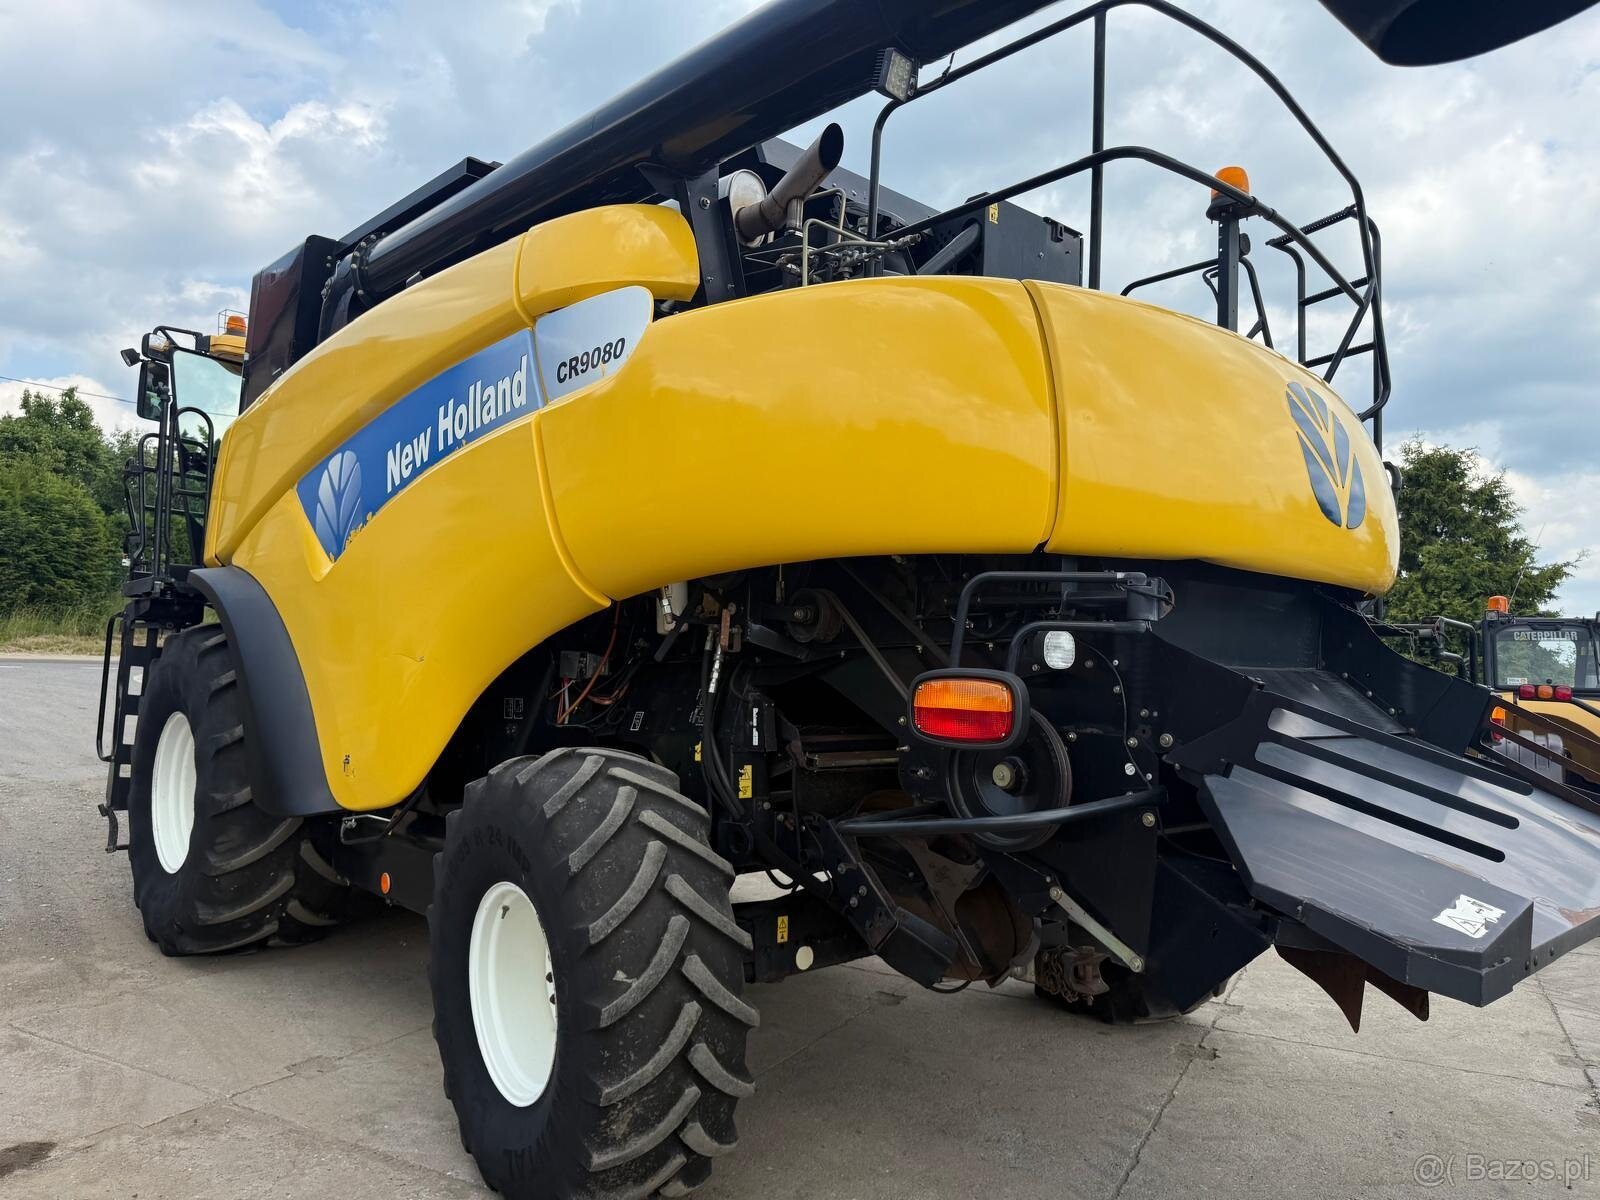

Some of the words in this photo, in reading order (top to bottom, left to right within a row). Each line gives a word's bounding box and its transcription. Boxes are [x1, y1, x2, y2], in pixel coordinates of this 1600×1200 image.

[556, 337, 626, 384] CR9080
[386, 425, 432, 494] New
[438, 354, 528, 452] Holland
[1513, 631, 1578, 641] CATERPILLAR

> _Directions_: With images left out, the data must be transcribed exactly.

> _Your response_:
Some of the words in this photo, in reading order (top to bottom, left to right within a row). Each line gives a word's bounding box and its transcription. Boxes are [x1, y1, x2, y2], in pixel coordinates of this 1600×1200 image.

[556, 337, 626, 384] CR9080
[386, 425, 432, 494] New
[438, 354, 528, 452] Holland
[1513, 631, 1578, 641] CATERPILLAR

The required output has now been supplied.